Hybrid bonding is fundamentally a 2-phase bonding approach, where the initial bond is created between dielectric layers via Vanderwaal forces. At this stage Cu-Cu contact is not made. Actual interconnects are made at the 2nd stage when the assembly is anneled causing solid state diffusion and forming Cu-Cu bonds.
This chart show the interconnect pitch differences between 2D/C4 architectures (at 130u bump pitch) 2.5D micro-bump architectures (at 50u bump pitch) 3D TSV based hybrid bond interconnects (at 9u bump pitch)
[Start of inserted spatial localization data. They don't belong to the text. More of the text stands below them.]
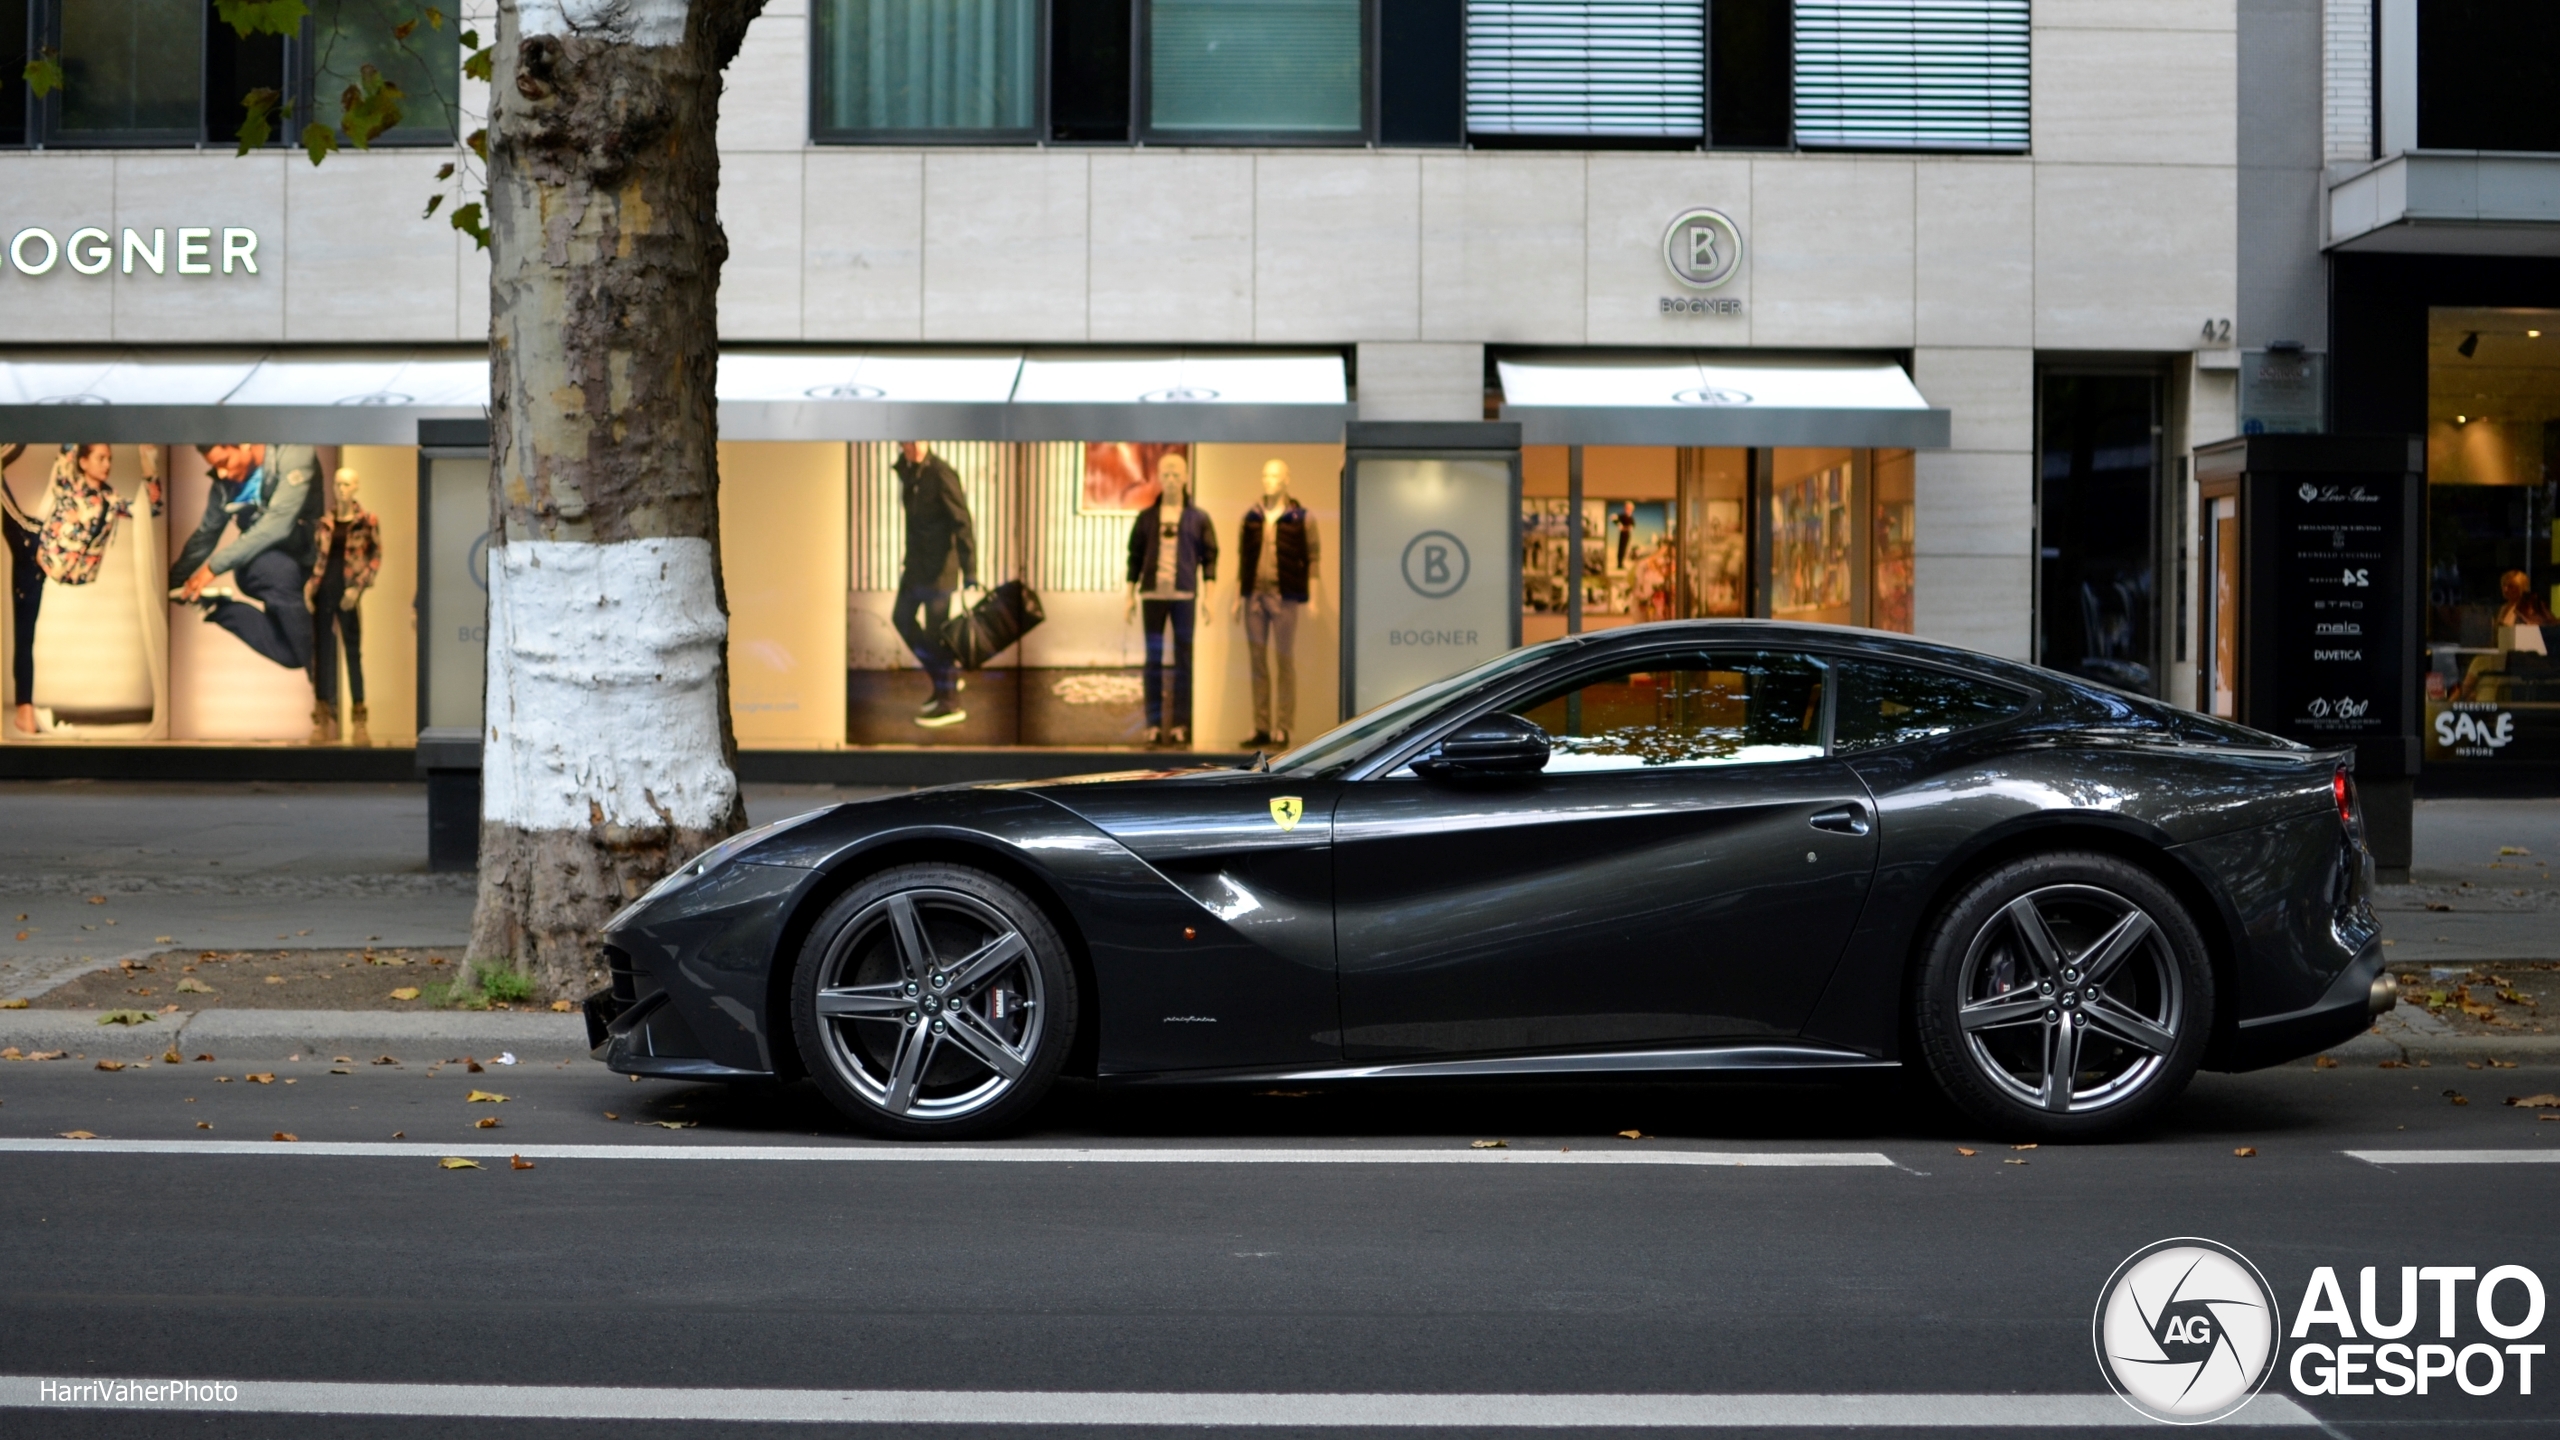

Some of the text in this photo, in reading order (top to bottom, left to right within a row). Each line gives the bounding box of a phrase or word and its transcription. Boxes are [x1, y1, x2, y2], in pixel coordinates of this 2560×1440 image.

[0, 226, 259, 276] OGNER
[1661, 298, 1743, 315] BOGNER
[2202, 318, 2232, 342] 42
[1425, 545, 1451, 584] B
[2314, 600, 2364, 609] ETRO
[2316, 620, 2361, 634] malo
[1390, 629, 1479, 646] BOGNER
[2314, 649, 2362, 661] DUVETICA
[2453, 701, 2498, 712] SELECTED
[2456, 747, 2494, 757] INSTORE
Due to this higher packing density using TSVs and hybrid bonding, we can achieve 3x improved in interconnect energy efficiency relative to micro-bump architectures as well, providing the best PPAC benefits to enable highest performance computing products.
Now, we compare AMD’s 3D V-Cache technology with the current best in class micro-bump 3D architecture.
Solder based Micro-bump technology with tall TSVs is based on traditional solder-based packaging technologies and can scale from 50u to 36u (maybe a bit lower) and is Ok for specific applications.
AMD’s 3D chiplet architecture, by contrast, uses Silicon Fab like manufacturing methods with back-end design rule based TSVs with Cu only interconnects without the presence of Solder.
This is a transformational point in the industry’s advanced packaging journey, where interconnect technologies are now being enabled using Silicon Fab based techniques.
As a result of the extreme scaling, we are able to achieve >3x higher interconnect energy efficiency, >16x higher interconnect density as well as better signal and power performance compared to micro bump 3D architectures.
Now, we know HB can enable better energy efficient interconnects, offer higher B/W and other performance advantages,
To actually enable it in our product, one of the key bounding box for this development was to enable a technology with existing designs and act as a drop-in solution.
This interportability between products was critical for the success of this technology. We were able to achieve this critical milestone by enabling F2B die stacking scheme. Only difference between a stacked die product and a non-stacked die product is the presence of TSVs and stacked dies.
We also enabled CoW stacking scheme to get all the advantages of KGDs and have flexibility on die sizes.
The 3D chiplet architecture has been carefully engineered to enable the highest bandwidth at the lowest silicon area using the direct Cu to Cu hybrid bonding technology + TSVs for the die-to-die communication.
The architecture and silicon floor plan was also carefully engineered to enable optimized thermal performance. Thermally aware floorplanning of the product enabled us to put 3D 64MB SRAM over the SRAM cells of the CCD, to keep thermal density low (over just L3 on CCD, and avoided overlapping on the CCD)
We enabled structural silicon to support thin dies and also allow for heat escape from the higher density cores or CCDs, illustrating how 3D can be done in a thermally friendly manner
This slide shows details of various components which form part of 3D V-Cache platform
1st demonstration of this technology is done on Zen 3 x86-64 CPU CCD. CCDs are fabricated using TSMC’s 7nm platform and as I said earlier 3D V-cache support was integrated from Day 1 of Zen 3 architecture.
Cache die is also fabricated on TSMC’s n7 node giving us a extra 64MB cache extension
As mentioned earlier, this is enabled using Foundry BEOL based design rules, enabling THE best in class interconnect densities and PPAC over any other commercially existing platform.